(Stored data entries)
• • •
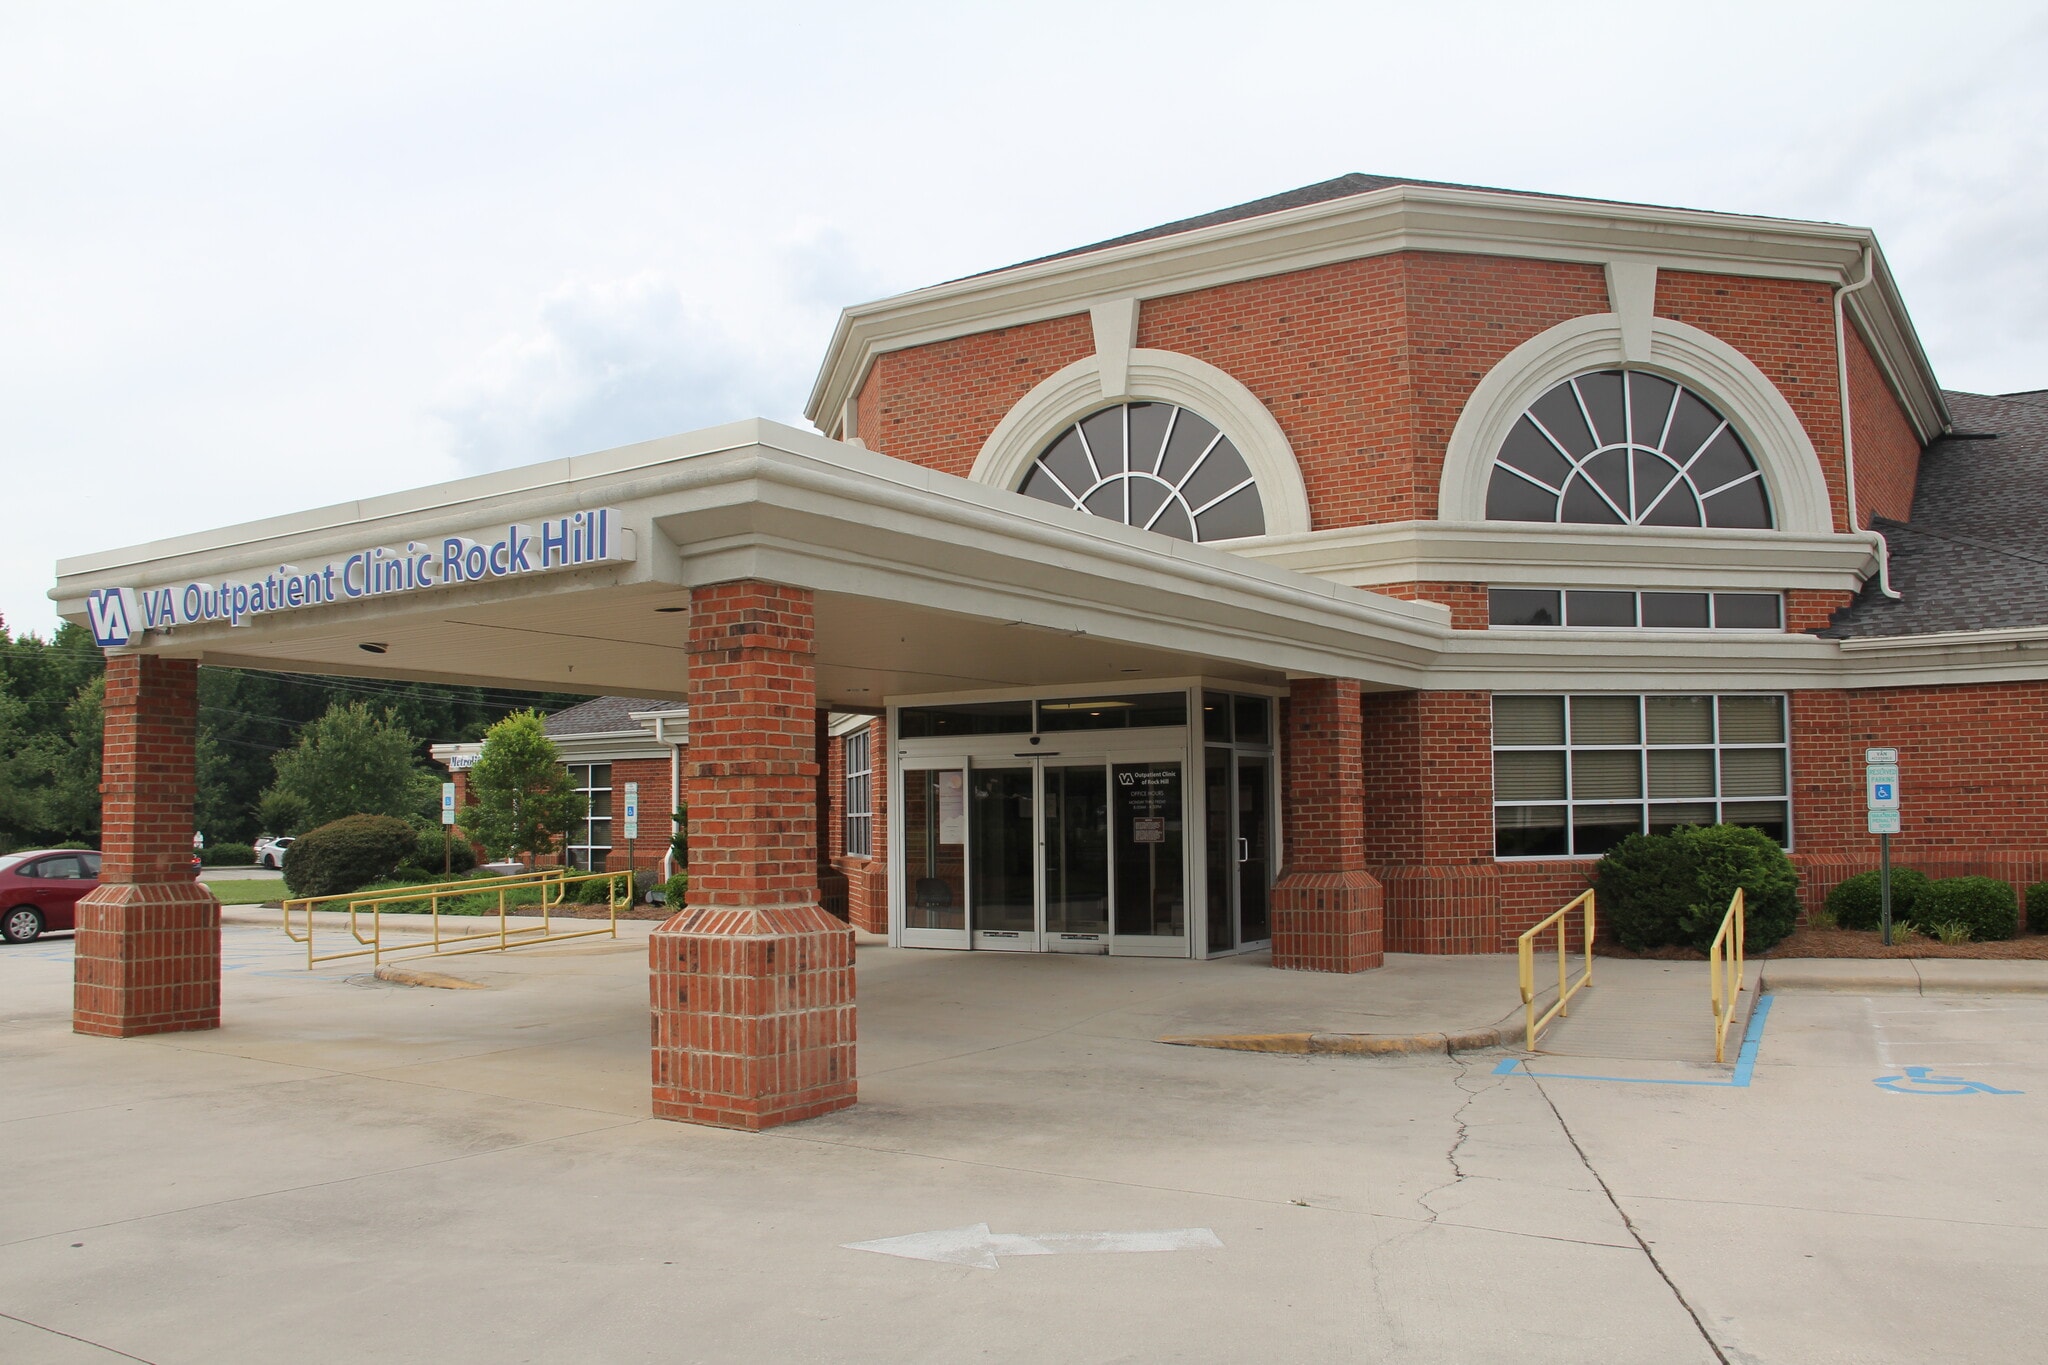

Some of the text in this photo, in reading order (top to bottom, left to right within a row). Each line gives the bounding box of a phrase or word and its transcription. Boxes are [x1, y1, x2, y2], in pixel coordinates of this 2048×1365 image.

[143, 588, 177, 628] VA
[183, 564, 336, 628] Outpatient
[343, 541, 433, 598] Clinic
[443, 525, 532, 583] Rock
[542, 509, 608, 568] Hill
• • •
_Your instructions:_ In your copy, reproduce the data above exactly and skip every picture.

_Solution for this problem:_
Some of the text in this photo, in reading order (top to bottom, left to right within a row). Each line gives the bounding box of a phrase or word and its transcription. Boxes are [x1, y1, x2, y2], in pixel coordinates of this 2048×1365 image.

[143, 588, 177, 628] VA
[183, 564, 336, 628] Outpatient
[343, 541, 433, 598] Clinic
[443, 525, 532, 583] Rock
[542, 509, 608, 568] Hill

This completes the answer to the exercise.